• Task description: If a record below holds a picture, drop the picture and copy everything else exactly.

• Dataset entries:
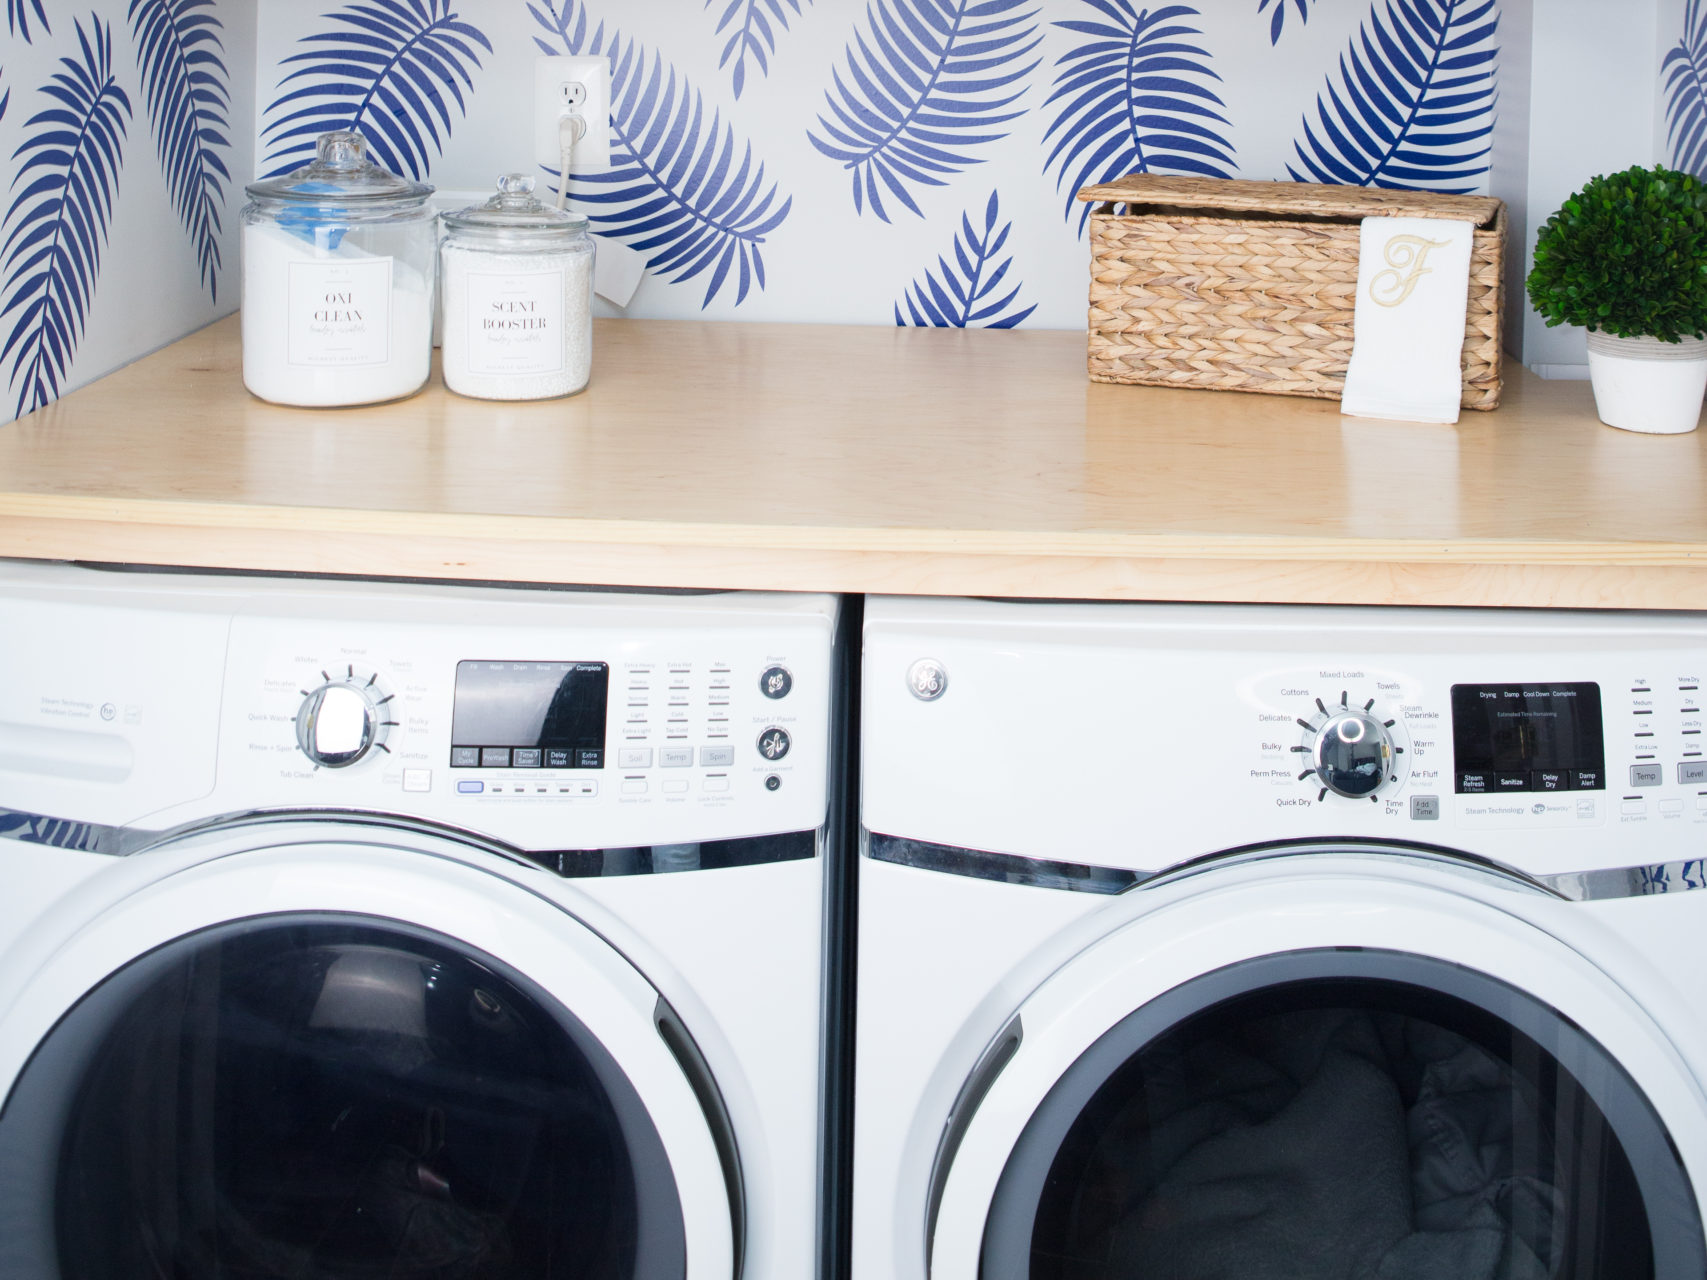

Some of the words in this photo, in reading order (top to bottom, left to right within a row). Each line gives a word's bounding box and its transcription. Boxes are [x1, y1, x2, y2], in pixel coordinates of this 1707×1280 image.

[1369, 233, 1454, 308] F
[325, 292, 352, 304] OXI
[492, 300, 537, 312] SCENT
[314, 310, 364, 322] CLEAN
[483, 318, 547, 330] BOOSTER
[1342, 671, 1365, 679] Loads
[1376, 682, 1401, 690] Towels
[1280, 688, 1309, 696] Cottons
[1399, 704, 1423, 712] Steam
[1259, 714, 1292, 722] Delicates
[1404, 711, 1439, 719] Dewrinkle
[1261, 743, 1282, 752] Bulky
[550, 751, 567, 759] Delay
[1414, 748, 1424, 756] Up
[666, 754, 686, 762] Temp
[709, 752, 726, 761] Spin
[1411, 770, 1422, 778] Air
[1422, 770, 1439, 778] Fluff
[1636, 772, 1656, 781] Temp
[1686, 770, 1704, 778] Level
[1276, 798, 1297, 807] Quick
[1298, 798, 1312, 808] Dry
[1386, 807, 1398, 816] Dry
[1465, 807, 1486, 815] Steam
[1488, 807, 1525, 816] Technology
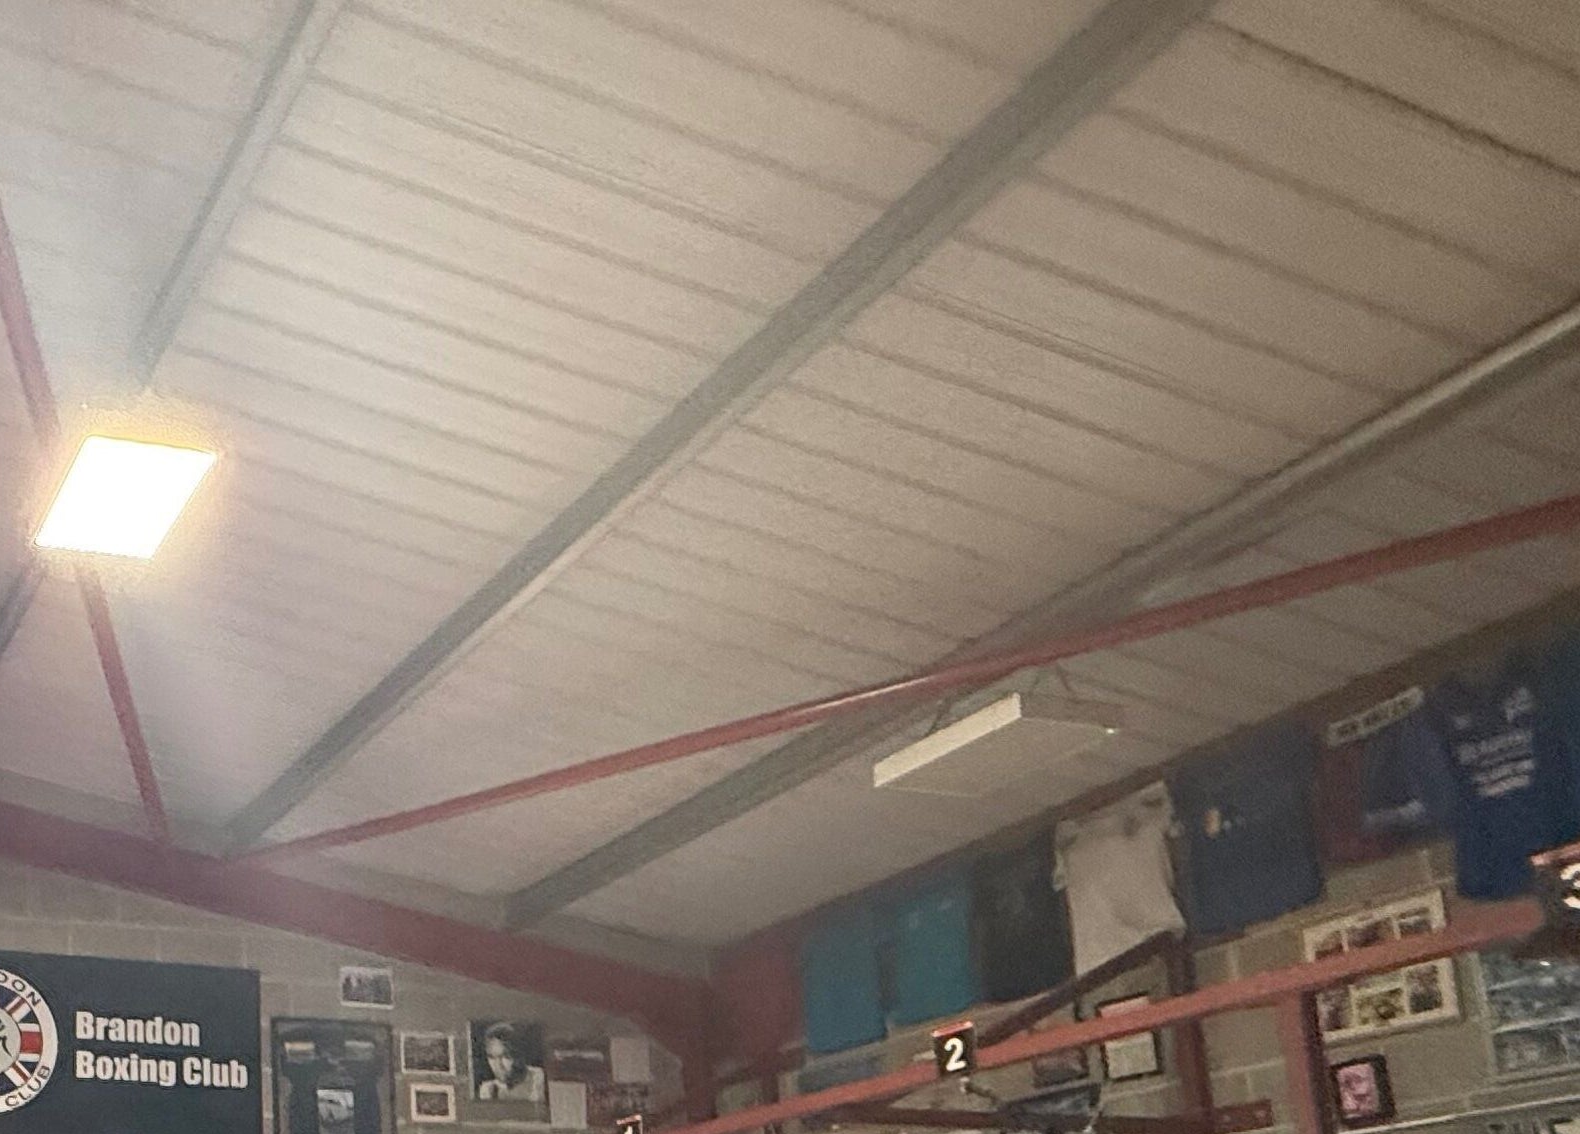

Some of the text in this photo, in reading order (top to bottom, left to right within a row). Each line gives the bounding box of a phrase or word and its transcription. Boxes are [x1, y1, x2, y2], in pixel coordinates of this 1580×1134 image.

• Answer:
Some of the words in this photo, in reading order (top to bottom, left to right within a row). Each line gives a word's bounding box and its transcription. Boxes are [x1, y1, x2, y2], in pixel coordinates of this 1707×1280 image.

[1369, 233, 1454, 308] F
[325, 292, 352, 304] OXI
[492, 300, 537, 312] SCENT
[314, 310, 364, 322] CLEAN
[483, 318, 547, 330] BOOSTER
[1342, 671, 1365, 679] Loads
[1376, 682, 1401, 690] Towels
[1280, 688, 1309, 696] Cottons
[1399, 704, 1423, 712] Steam
[1259, 714, 1292, 722] Delicates
[1404, 711, 1439, 719] Dewrinkle
[1261, 743, 1282, 752] Bulky
[550, 751, 567, 759] Delay
[1414, 748, 1424, 756] Up
[666, 754, 686, 762] Temp
[709, 752, 726, 761] Spin
[1411, 770, 1422, 778] Air
[1422, 770, 1439, 778] Fluff
[1636, 772, 1656, 781] Temp
[1686, 770, 1704, 778] Level
[1276, 798, 1297, 807] Quick
[1298, 798, 1312, 808] Dry
[1386, 807, 1398, 816] Dry
[1465, 807, 1486, 815] Steam
[1488, 807, 1525, 816] Technology

Some of the text in this photo, in reading order (top to bottom, left to right within a row). Each line gives the bounding box of a phrase or word and its transcription. Boxes are [x1, y1, x2, y2], in pixel coordinates of this 1580×1134 image.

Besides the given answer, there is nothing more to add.